EXERCISE REQUIREMENTS:
Verbatim transcription with images omitted: return the entries below in full.
[Opening DATA UNDER STUDY section]
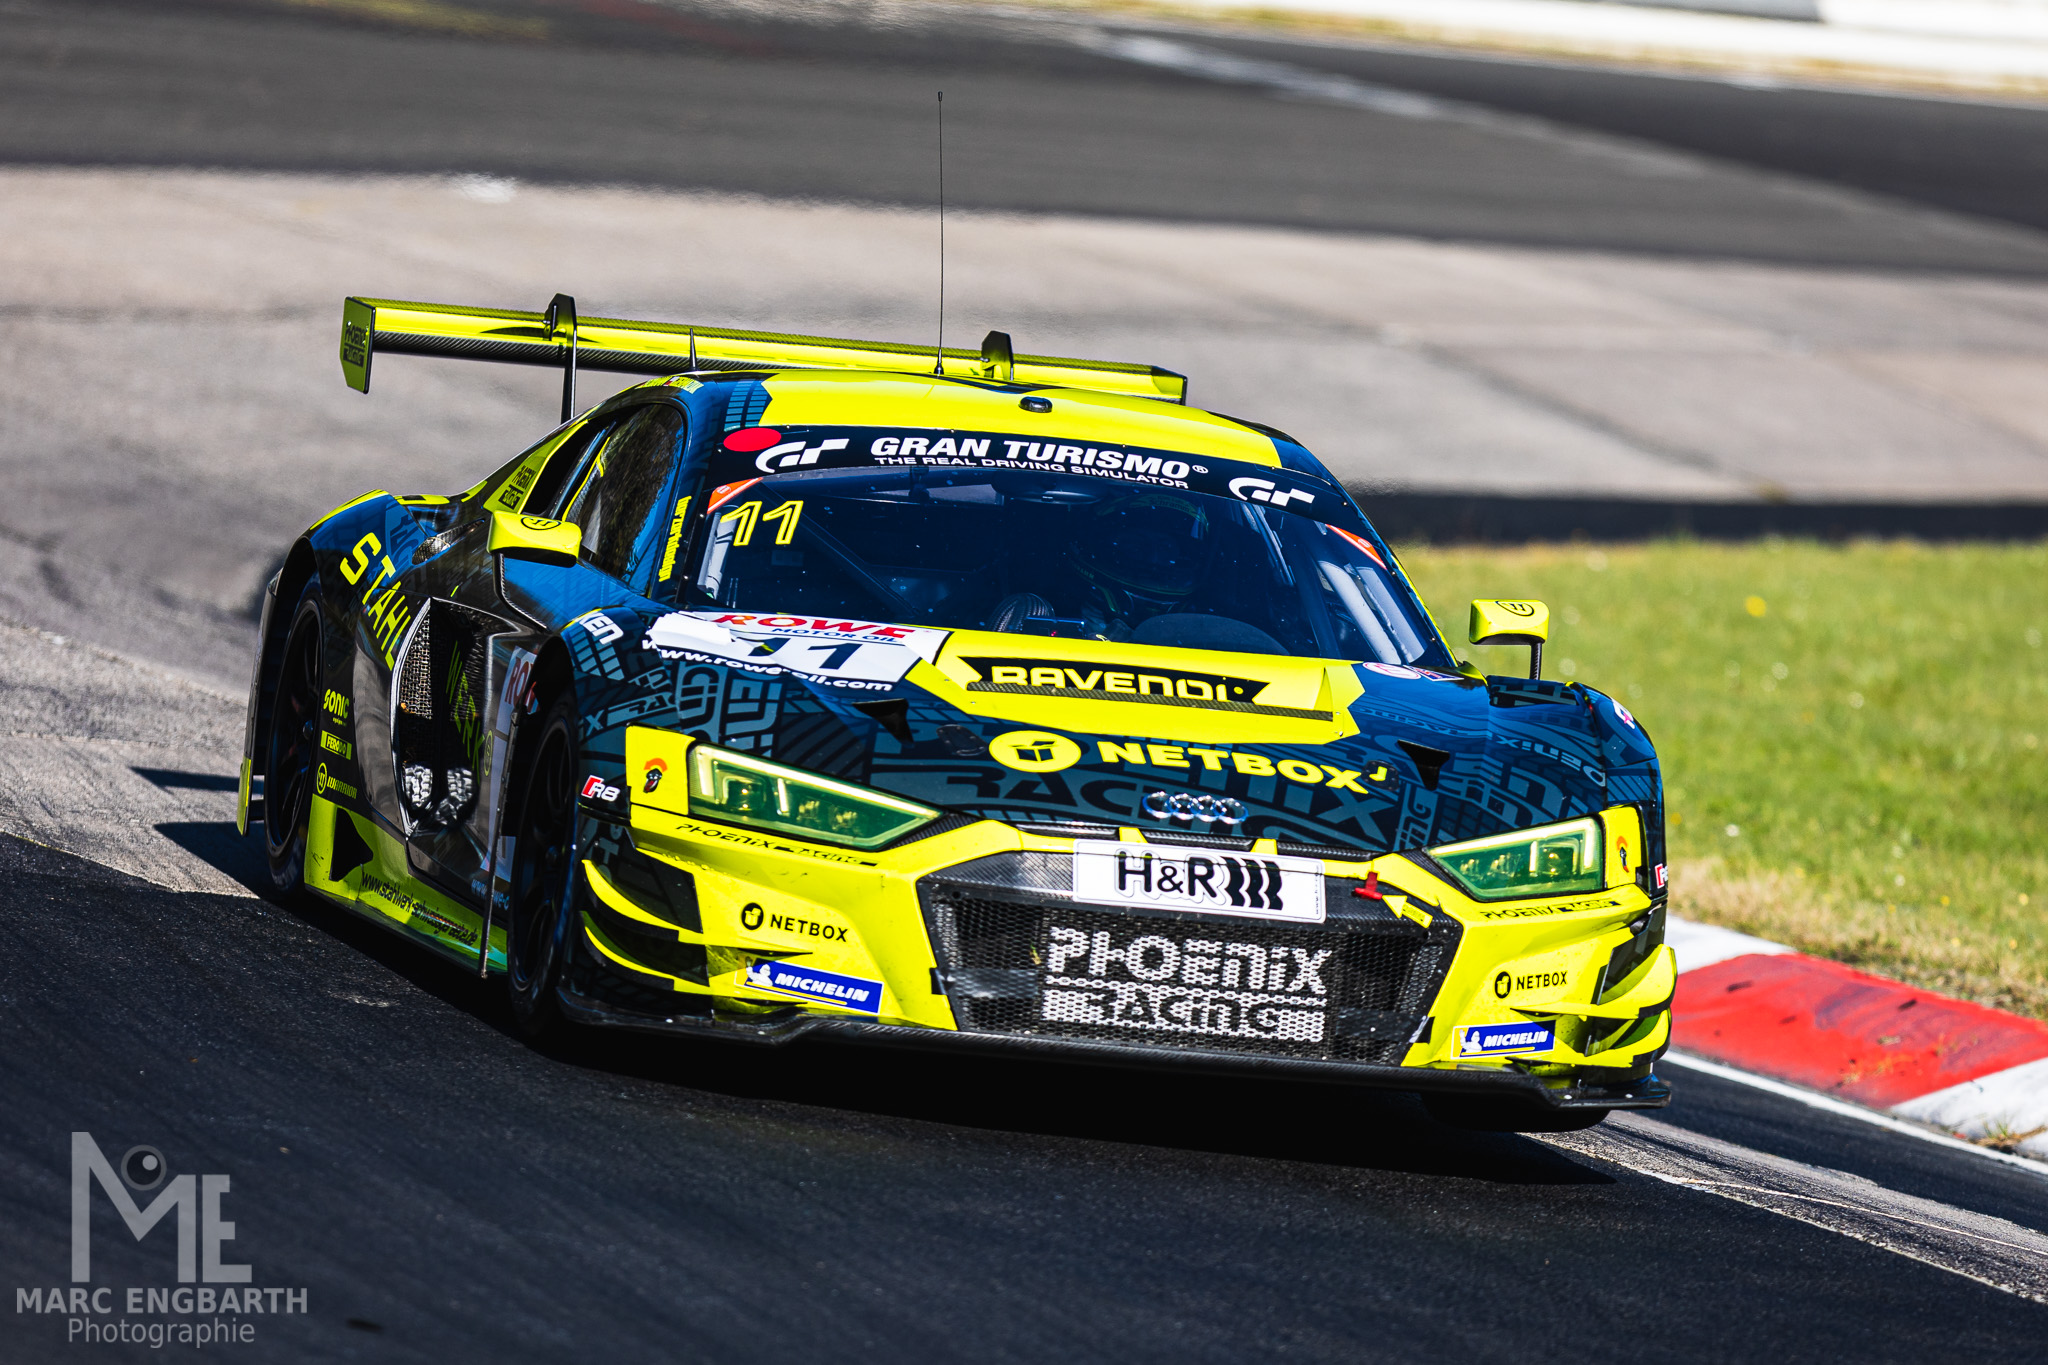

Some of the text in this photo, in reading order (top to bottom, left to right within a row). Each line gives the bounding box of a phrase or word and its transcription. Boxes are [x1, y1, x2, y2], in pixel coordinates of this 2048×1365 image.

[870, 437, 991, 457] GRAN
[874, 457, 1189, 489] THE REAL DRIVING SIMULATOR
[720, 501, 803, 546] 11
[717, 614, 916, 638] ROWE
[772, 628, 898, 642] MOTOR OIL
[1097, 740, 1368, 794] NETBOX
[585, 776, 621, 802] R8
[1117, 851, 1217, 898] H&R
[769, 914, 848, 943] NETBOX
[774, 972, 870, 1003] MICHELIN
[1516, 970, 1568, 991] NETBOX
[1483, 1028, 1549, 1047] MICHELIN
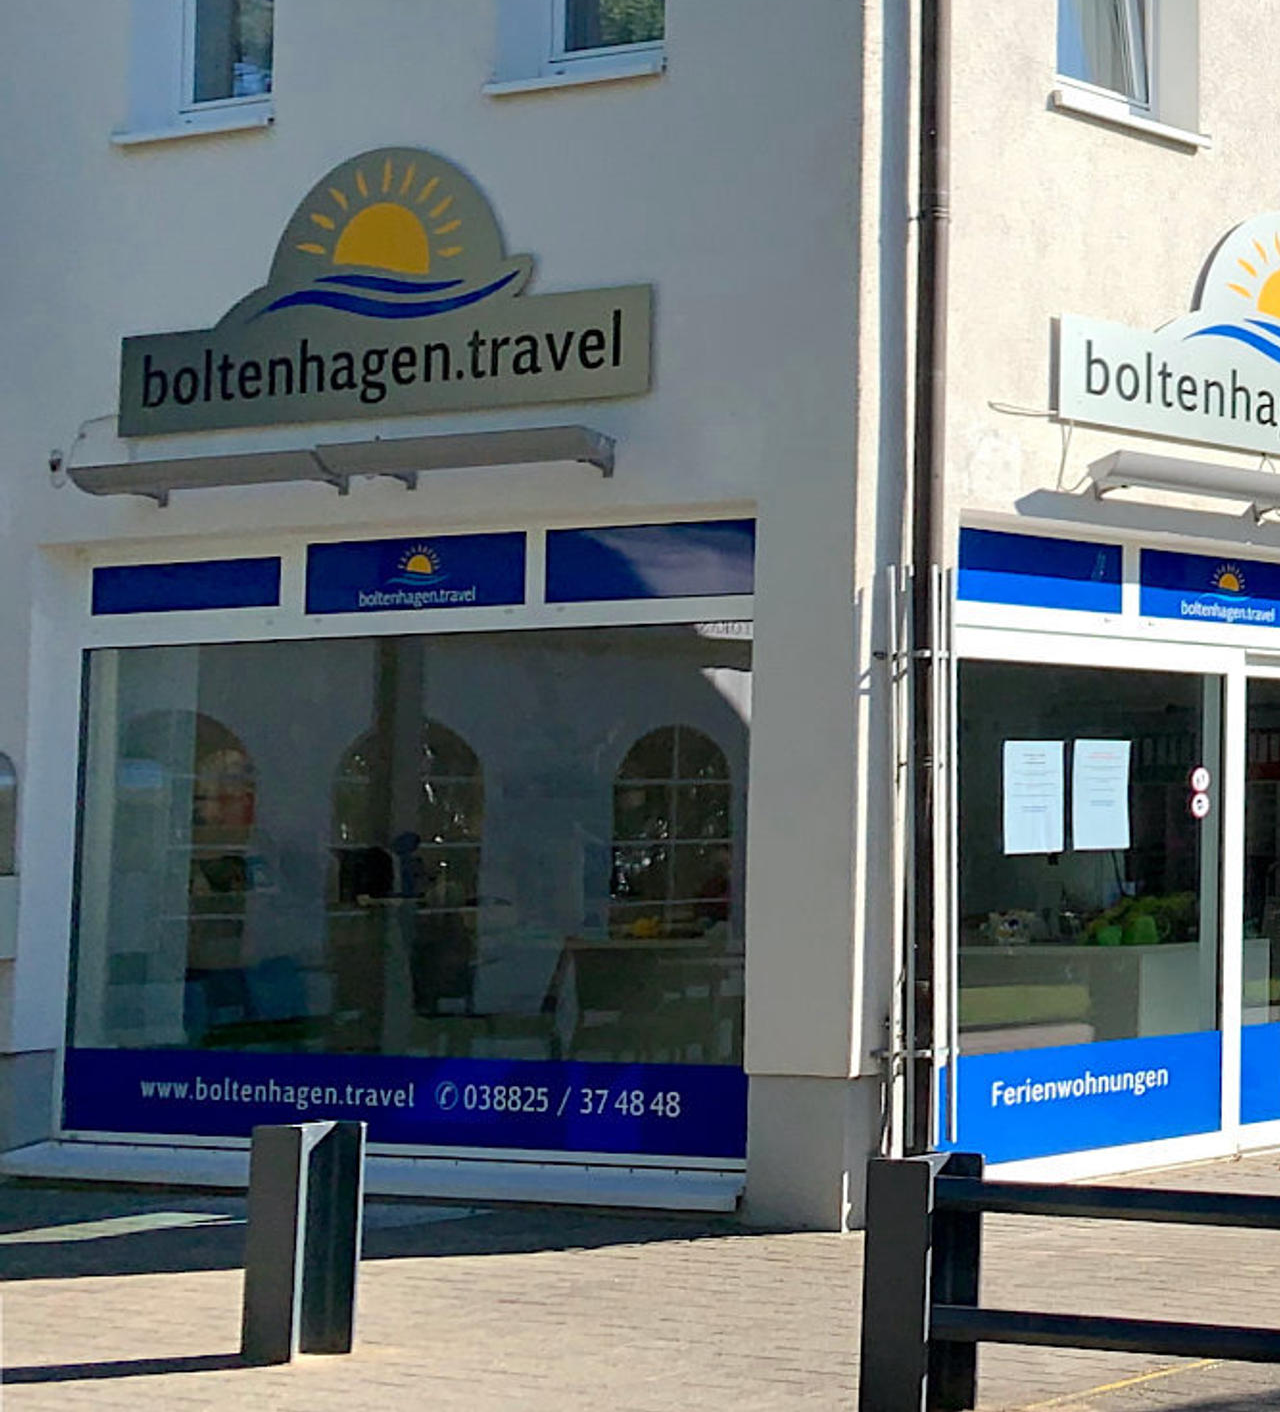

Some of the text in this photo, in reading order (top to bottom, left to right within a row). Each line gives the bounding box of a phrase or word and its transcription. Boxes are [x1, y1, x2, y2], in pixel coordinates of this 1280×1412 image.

[141, 309, 622, 407] boltenhagen.travel
[358, 586, 476, 608] boltenhagen.travel
[1180, 599, 1276, 623] boltenhagen.travel
[139, 1077, 415, 1110] www.boltenhagen.travel
[464, 1084, 549, 1113] 038825
[579, 1089, 608, 1115] 37
[614, 1090, 644, 1117] 48
[649, 1091, 681, 1118] 48
[991, 1066, 1169, 1107] Ferienwohnungen
[Closing DATA UNDER STUDY section]
RESULT BELOW:
Some of the text in this photo, in reading order (top to bottom, left to right within a row). Each line gives the bounding box of a phrase or word and its transcription. Boxes are [x1, y1, x2, y2], in pixel coordinates of this 2048×1365 image.

[870, 437, 991, 457] GRAN
[874, 457, 1189, 489] THE REAL DRIVING SIMULATOR
[720, 501, 803, 546] 11
[717, 614, 916, 638] ROWE
[772, 628, 898, 642] MOTOR OIL
[1097, 740, 1368, 794] NETBOX
[585, 776, 621, 802] R8
[1117, 851, 1217, 898] H&R
[769, 914, 848, 943] NETBOX
[774, 972, 870, 1003] MICHELIN
[1516, 970, 1568, 991] NETBOX
[1483, 1028, 1549, 1047] MICHELIN

Some of the text in this photo, in reading order (top to bottom, left to right within a row). Each line gives the bounding box of a phrase or word and its transcription. Boxes are [x1, y1, x2, y2], in pixel coordinates of this 1280×1412 image.

[141, 309, 622, 407] boltenhagen.travel
[358, 586, 476, 608] boltenhagen.travel
[1180, 599, 1276, 623] boltenhagen.travel
[139, 1077, 415, 1110] www.boltenhagen.travel
[464, 1084, 549, 1113] 038825
[579, 1089, 608, 1115] 37
[614, 1090, 644, 1117] 48
[649, 1091, 681, 1118] 48
[991, 1066, 1169, 1107] Ferienwohnungen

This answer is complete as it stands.